Task.
Down to the last line, set down the listing below exactly, apart from its pictures.

Given information.
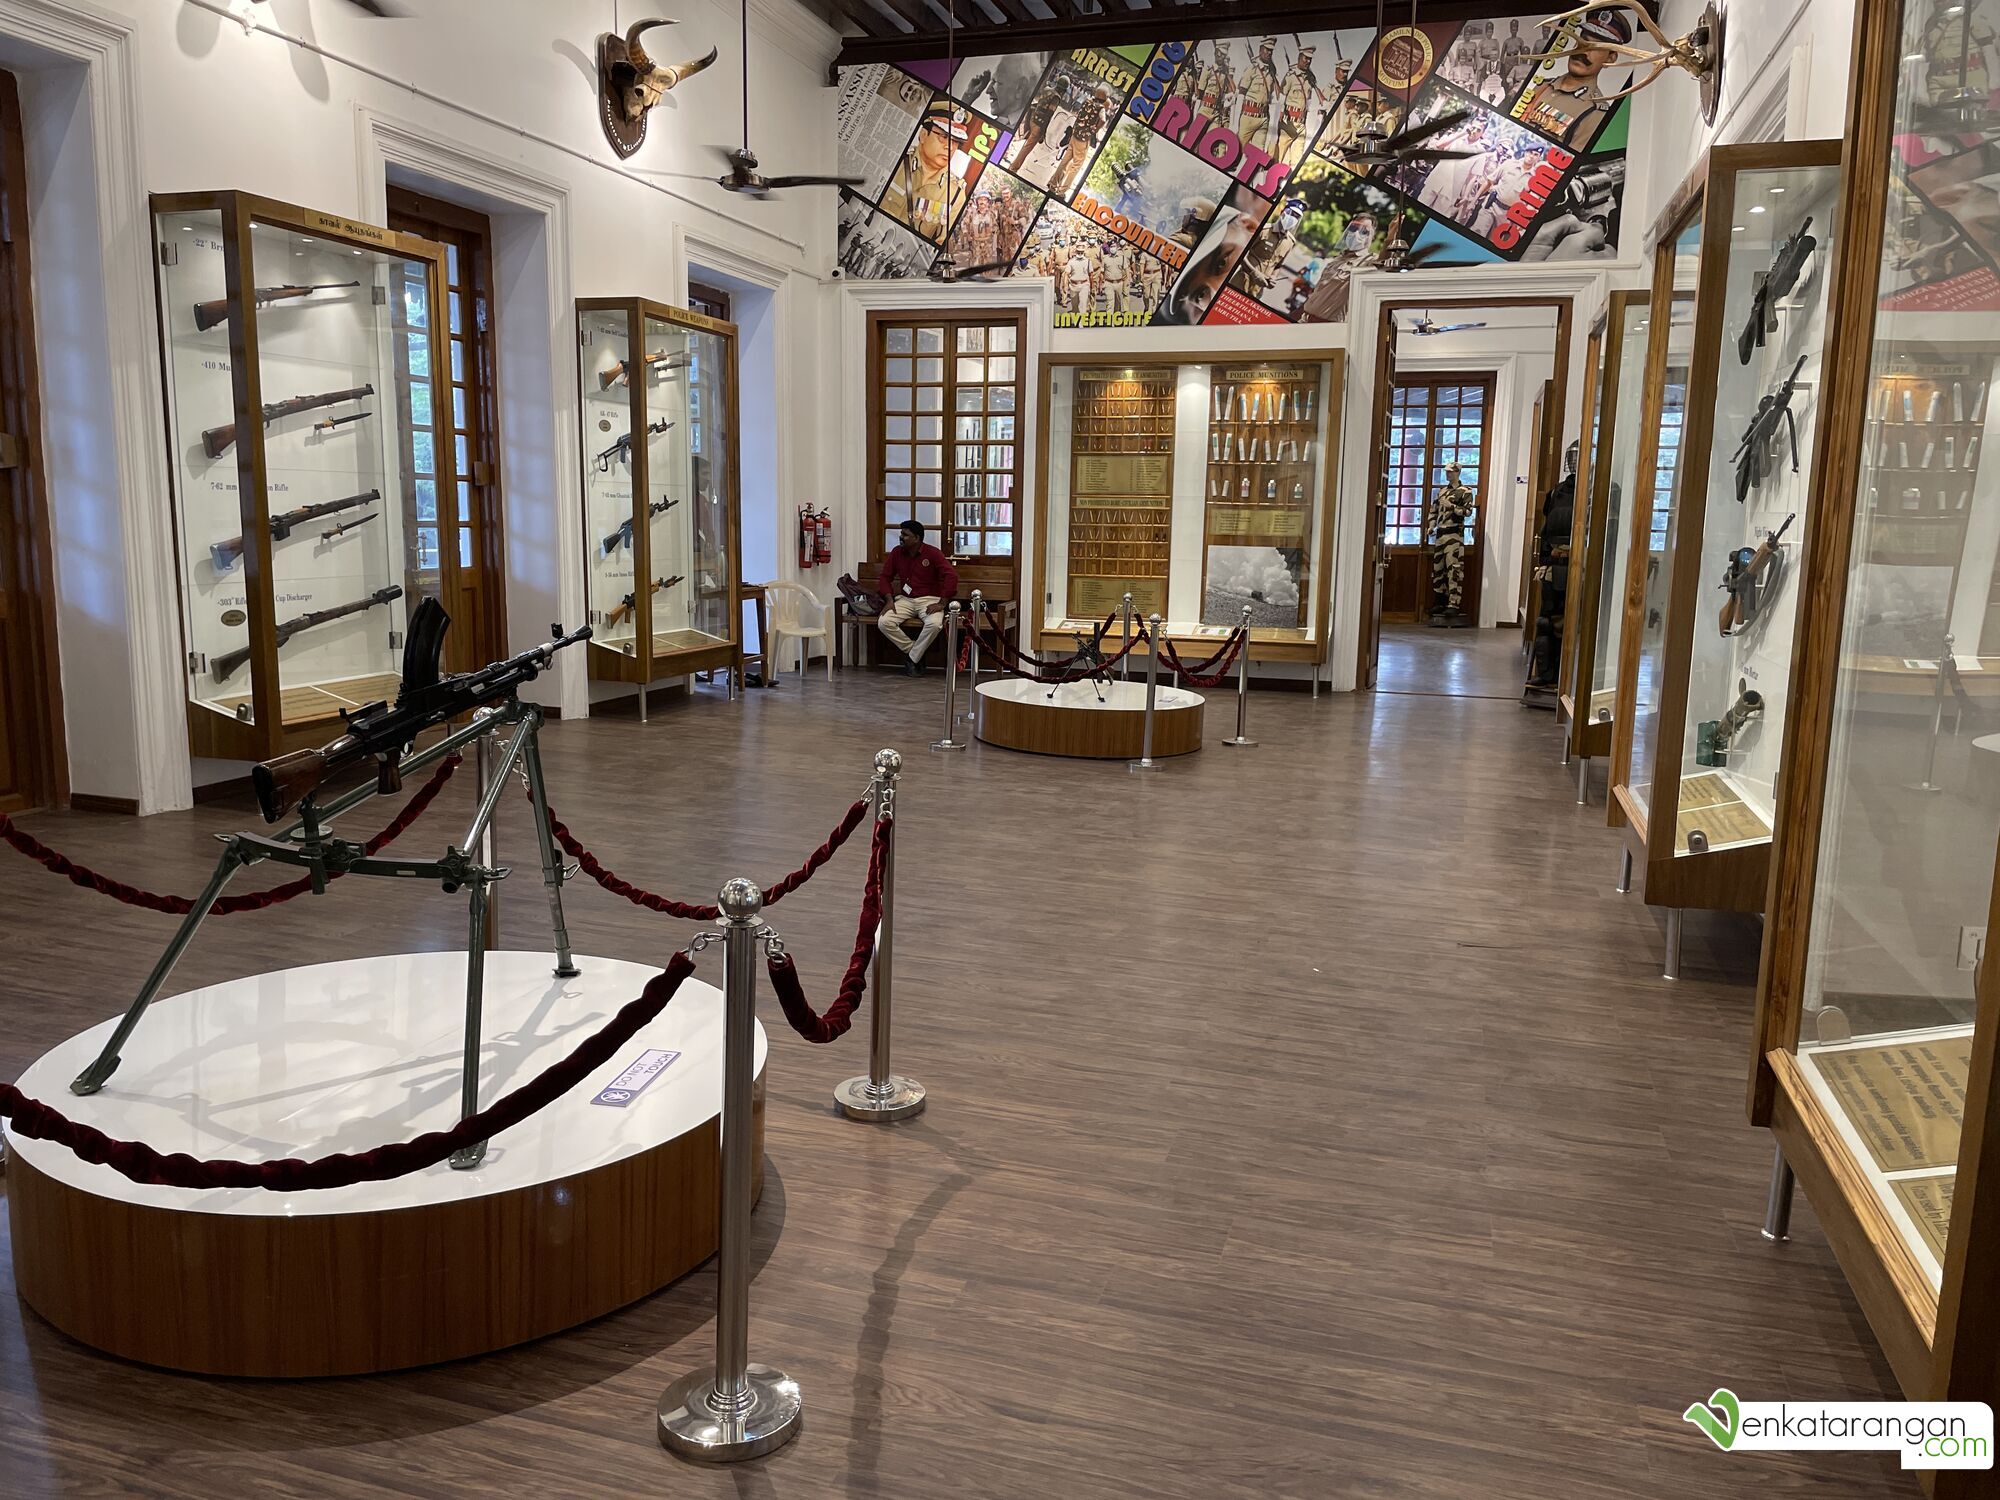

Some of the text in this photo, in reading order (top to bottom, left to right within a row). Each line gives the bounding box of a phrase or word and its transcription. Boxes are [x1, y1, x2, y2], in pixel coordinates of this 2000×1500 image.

[1070, 48, 1136, 93] ARREST
[1129, 41, 1186, 121] 2006
[1509, 88, 1536, 118] LAW
[1533, 75, 1544, 85] &
[968, 121, 998, 163] IPS
[1153, 96, 1292, 198] RIOTS
[1491, 146, 1575, 250] CRIME
[1070, 192, 1189, 269] ENCOUNTER
[1055, 310, 1154, 328] INVESTIGATE
[1229, 371, 1298, 379] POLICE MUNITIONS
[616, 1062, 647, 1087] DO NOT
[643, 1053, 673, 1075] TOUCH

Response to the exercise.
Some of the text in this photo, in reading order (top to bottom, left to right within a row). Each line gives the bounding box of a phrase or word and its transcription. Boxes are [x1, y1, x2, y2], in pixel coordinates of this 2000×1500 image.

[1070, 48, 1136, 93] ARREST
[1129, 41, 1186, 121] 2006
[1509, 88, 1536, 118] LAW
[1533, 75, 1544, 85] &
[968, 121, 998, 163] IPS
[1153, 96, 1292, 198] RIOTS
[1491, 146, 1575, 250] CRIME
[1070, 192, 1189, 269] ENCOUNTER
[1055, 310, 1154, 328] INVESTIGATE
[1229, 371, 1298, 379] POLICE MUNITIONS
[616, 1062, 647, 1087] DO NOT
[643, 1053, 673, 1075] TOUCH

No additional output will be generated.